Ist deine Dünndarmschleimhaut gereizt oder sogar entzündet (das heisst, du brauchst WC-Papier nach dem Stuhlen), dann Hände weg von grobem Vollkornbrot. Dieses enthält zwar mehr Mineralstoffe als Weissbrot, doch die groben Bestandteile reizen den Darm zusätzlich und die Aufnahme der Nährstoffe ist stark reduziert. In diesem Fall sind Weissbrot oder Ruchbrot aus fein gemahlenem Mehl definitiv für dich gesünder.

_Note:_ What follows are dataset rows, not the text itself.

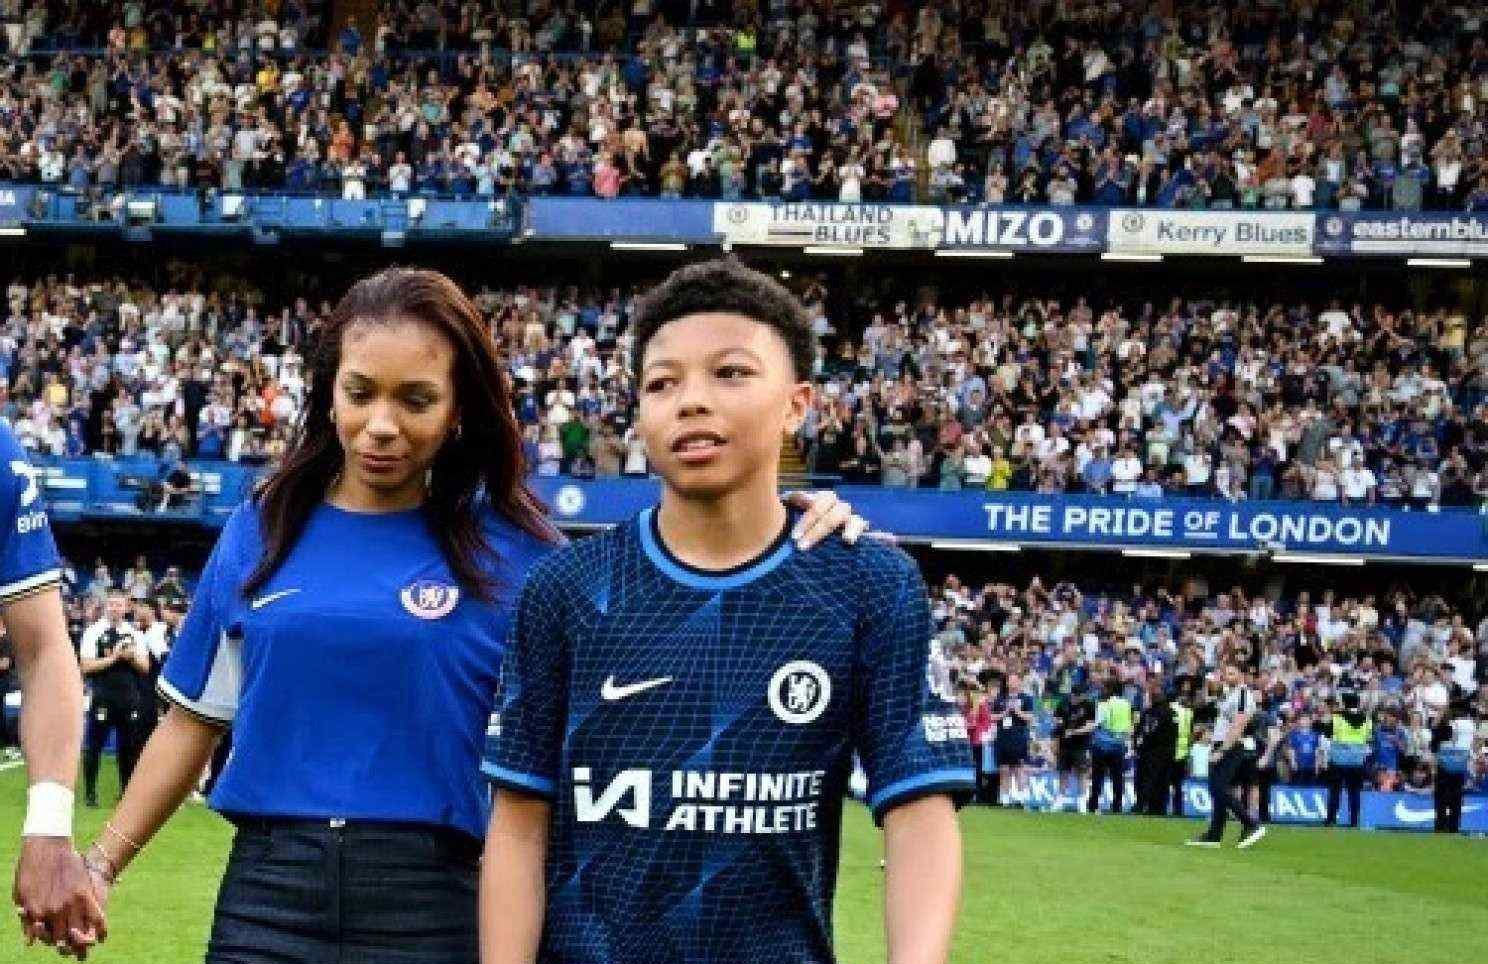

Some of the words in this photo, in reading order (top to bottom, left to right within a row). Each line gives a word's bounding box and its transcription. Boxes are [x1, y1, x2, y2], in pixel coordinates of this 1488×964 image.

[769, 204, 894, 225] THAILAND
[945, 210, 1064, 245] MIZO
[813, 225, 892, 244] BLUES
[1157, 219, 1227, 247] Kerry
[1235, 221, 1308, 243] Blues
[984, 503, 1052, 533] THE
[1062, 505, 1174, 536] PRIDE
[1184, 511, 1221, 532] OF
[1228, 511, 1390, 546] LONDON
[671, 769, 825, 802] INFINITE
[665, 801, 817, 834] ATHLETE

Für den Aufbau und die Pflege der Darmflora steht Sauerteigbrot an erster Stelle. Doch Vorsicht, oft enthalten auch diese Brote Hefe und die Wirkung ist nicht mehr die gleiche. Meine Erfahrung zeigt, dass Laugenbretzel und Silserli sehr gut verträglich und somit «gesund» sind, sogar bei Reizdarm. Wen wundert’s – das Laugengebäck stammt schliesslich aus frühen Klosterzeiten.

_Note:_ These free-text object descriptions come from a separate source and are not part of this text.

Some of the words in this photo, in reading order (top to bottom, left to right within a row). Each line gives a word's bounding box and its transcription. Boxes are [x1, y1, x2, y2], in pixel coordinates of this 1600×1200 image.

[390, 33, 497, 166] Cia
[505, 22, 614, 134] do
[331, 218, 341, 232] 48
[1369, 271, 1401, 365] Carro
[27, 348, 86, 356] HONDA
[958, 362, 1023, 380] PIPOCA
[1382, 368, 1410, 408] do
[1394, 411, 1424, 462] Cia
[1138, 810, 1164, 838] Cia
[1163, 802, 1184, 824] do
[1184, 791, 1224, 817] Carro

Leidest du an einer Glutenunverträglichkeit, dann passen weder Weiss- noch Vollkornbrot zu dir. In diesem Fall musst du beim Brot unbedingt auf glutenfreie Varianten achten. Mais, Reis, Kartoffeln, Hirse, Buchweizen, Quinoa, Kastanien sind von Natur aus glutenfrei. Hafer gibt es von einigen Herstellern ebenfalls glutenfrei. Brote aus diesen Mehlen sind bekömmlich bei Gluten-Intoleranz. Backst du dein Brot nicht selber, dann achte beim Einkauf unbedingt auf den Hinweis “glutenfrei” auf der Verpackung. Schon nur eine Mahlzeit mit Gluten kann bei einer bestehenden Gluten-Unverträglichkeit starke Darmstörungen und Entzündungen auslösen.

Achte auf deine Bedürfnisse. Trage Sorge zu dir.